* _Task brief_:
Reproduce the records exactly. Leave the pictures out.

Phrase grounding data:
——————————
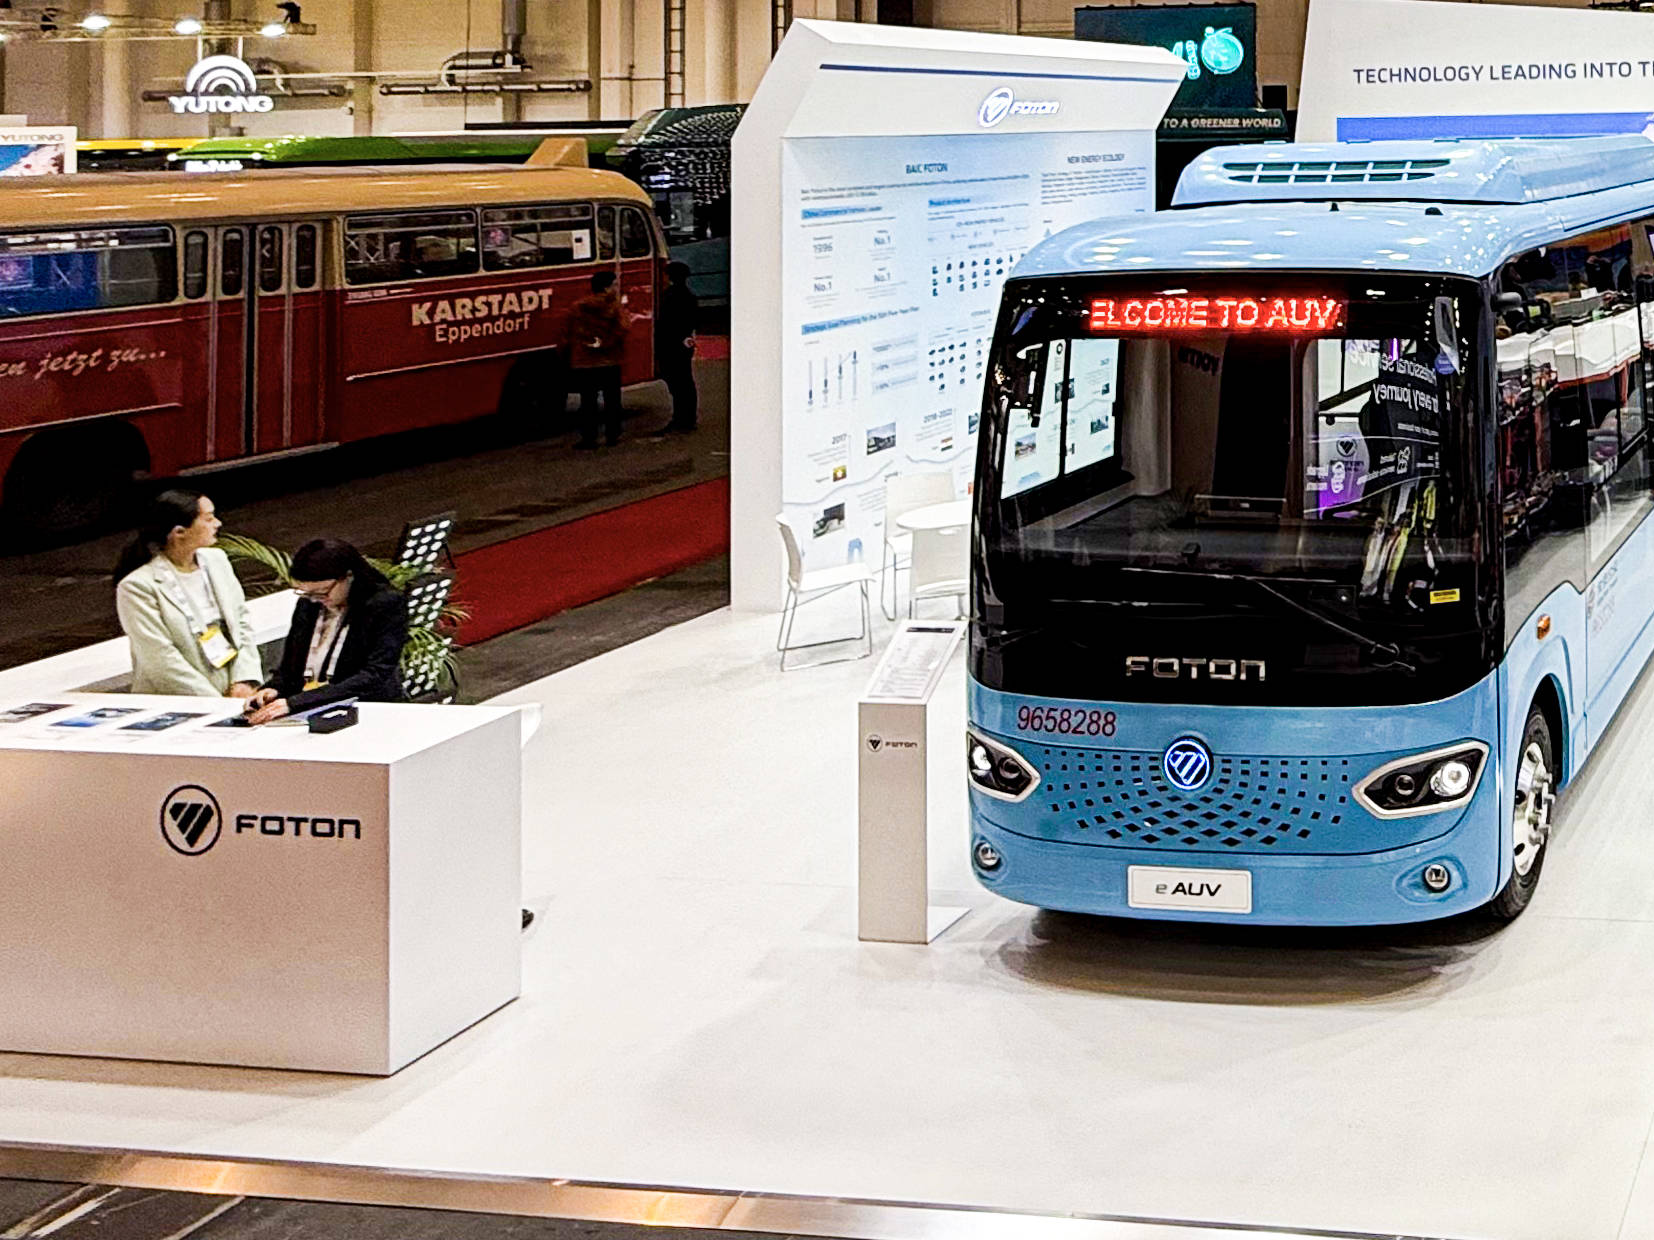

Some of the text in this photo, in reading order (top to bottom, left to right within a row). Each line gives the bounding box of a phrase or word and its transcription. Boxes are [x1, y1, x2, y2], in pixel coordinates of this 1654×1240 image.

[1353, 65, 1484, 84] TECHNOLOGY
[1489, 63, 1577, 81] LEADING
[1583, 61, 1632, 79] INTO
[169, 95, 273, 114] YUTONG
[1163, 118, 1281, 128] TO A GREENER WORLD
[1, 134, 64, 142] YUTONG
[411, 288, 553, 326] KARSTADT
[1092, 298, 1210, 327] ELCOME
[1215, 299, 1259, 327] TO
[435, 313, 531, 344] Eppendorf
[34, 348, 103, 380] jetzt
[1125, 656, 1266, 682] FOTON
[1017, 705, 1117, 738] 9658288
[236, 814, 361, 839] FOTON
[1155, 882, 1222, 898] e AUV
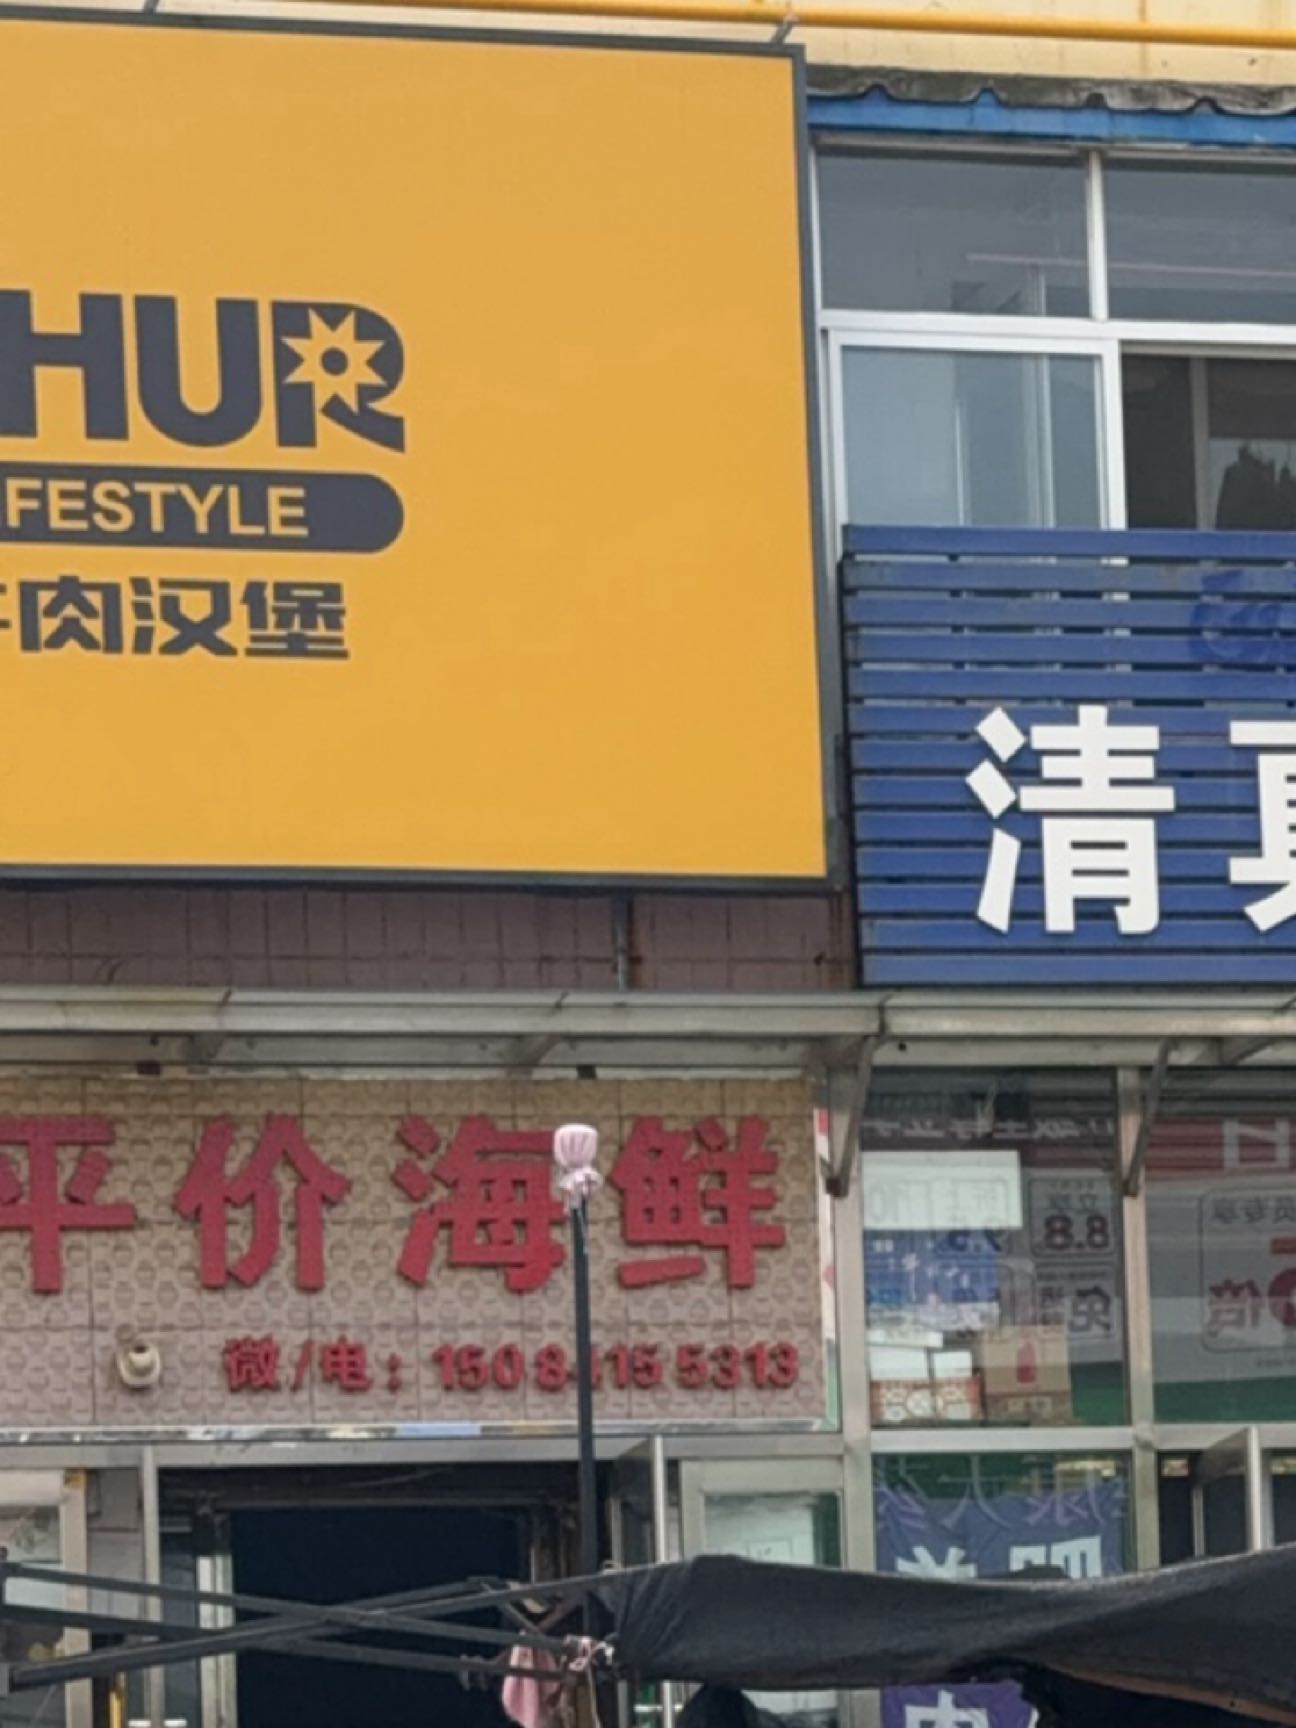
——————————
* _Answer area_:
Some of the text in this photo, in reading order (top to bottom, left to right within a row). Each line gives the bounding box of a phrase or word and its transcription. Boxes are [x1, y1, x2, y2], in pixel coordinates of this 1654×1240 image.

[1353, 65, 1484, 84] TECHNOLOGY
[1489, 63, 1577, 81] LEADING
[1583, 61, 1632, 79] INTO
[169, 95, 273, 114] YUTONG
[1163, 118, 1281, 128] TO A GREENER WORLD
[1, 134, 64, 142] YUTONG
[411, 288, 553, 326] KARSTADT
[1092, 298, 1210, 327] ELCOME
[1215, 299, 1259, 327] TO
[435, 313, 531, 344] Eppendorf
[34, 348, 103, 380] jetzt
[1125, 656, 1266, 682] FOTON
[1017, 705, 1117, 738] 9658288
[236, 814, 361, 839] FOTON
[1155, 882, 1222, 898] e AUV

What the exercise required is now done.